TASK BRIEF
Of the lines below, reproduce exactly those from the line containing "Some of the words" to the end, including both the first and the last.

Records from a dataset
Segment Open
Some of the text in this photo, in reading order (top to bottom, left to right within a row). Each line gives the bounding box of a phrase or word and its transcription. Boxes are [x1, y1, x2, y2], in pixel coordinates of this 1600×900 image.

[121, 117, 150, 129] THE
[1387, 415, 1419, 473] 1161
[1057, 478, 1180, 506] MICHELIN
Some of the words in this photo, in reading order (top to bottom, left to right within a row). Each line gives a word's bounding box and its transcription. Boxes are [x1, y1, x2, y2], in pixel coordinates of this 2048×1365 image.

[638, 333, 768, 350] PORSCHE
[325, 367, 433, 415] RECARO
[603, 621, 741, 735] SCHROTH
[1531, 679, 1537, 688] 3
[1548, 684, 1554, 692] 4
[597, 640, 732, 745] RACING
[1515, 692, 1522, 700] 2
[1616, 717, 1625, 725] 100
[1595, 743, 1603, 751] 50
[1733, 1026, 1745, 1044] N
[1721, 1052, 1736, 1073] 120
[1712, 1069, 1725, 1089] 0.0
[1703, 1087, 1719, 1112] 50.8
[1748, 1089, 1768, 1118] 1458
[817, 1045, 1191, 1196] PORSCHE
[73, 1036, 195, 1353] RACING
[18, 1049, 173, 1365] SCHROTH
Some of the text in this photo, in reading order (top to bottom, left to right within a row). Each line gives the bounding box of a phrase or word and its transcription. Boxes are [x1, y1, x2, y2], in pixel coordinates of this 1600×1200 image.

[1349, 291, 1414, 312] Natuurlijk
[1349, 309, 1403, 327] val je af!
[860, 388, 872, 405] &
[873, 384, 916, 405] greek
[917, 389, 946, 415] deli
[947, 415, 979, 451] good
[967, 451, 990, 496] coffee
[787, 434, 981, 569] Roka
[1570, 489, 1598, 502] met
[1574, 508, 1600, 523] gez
Segment Closed
REPLY
Some of the words in this photo, in reading order (top to bottom, left to right within a row). Each line gives a word's bounding box and its transcription. Boxes are [x1, y1, x2, y2], in pixel coordinates of this 2048×1365 image.

[638, 333, 768, 350] PORSCHE
[325, 367, 433, 415] RECARO
[603, 621, 741, 735] SCHROTH
[1531, 679, 1537, 688] 3
[1548, 684, 1554, 692] 4
[597, 640, 732, 745] RACING
[1515, 692, 1522, 700] 2
[1616, 717, 1625, 725] 100
[1595, 743, 1603, 751] 50
[1733, 1026, 1745, 1044] N
[1721, 1052, 1736, 1073] 120
[1712, 1069, 1725, 1089] 0.0
[1703, 1087, 1719, 1112] 50.8
[1748, 1089, 1768, 1118] 1458
[817, 1045, 1191, 1196] PORSCHE
[73, 1036, 195, 1353] RACING
[18, 1049, 173, 1365] SCHROTH
Some of the text in this photo, in reading order (top to bottom, left to right within a row). Each line gives the bounding box of a phrase or word and its transcription. Boxes are [x1, y1, x2, y2], in pixel coordinates of this 1600×1200 image.

[1349, 291, 1414, 312] Natuurlijk
[1349, 309, 1403, 327] val je af!
[860, 388, 872, 405] &
[873, 384, 916, 405] greek
[917, 389, 946, 415] deli
[947, 415, 979, 451] good
[967, 451, 990, 496] coffee
[787, 434, 981, 569] Roka
[1570, 489, 1598, 502] met
[1574, 508, 1600, 523] gez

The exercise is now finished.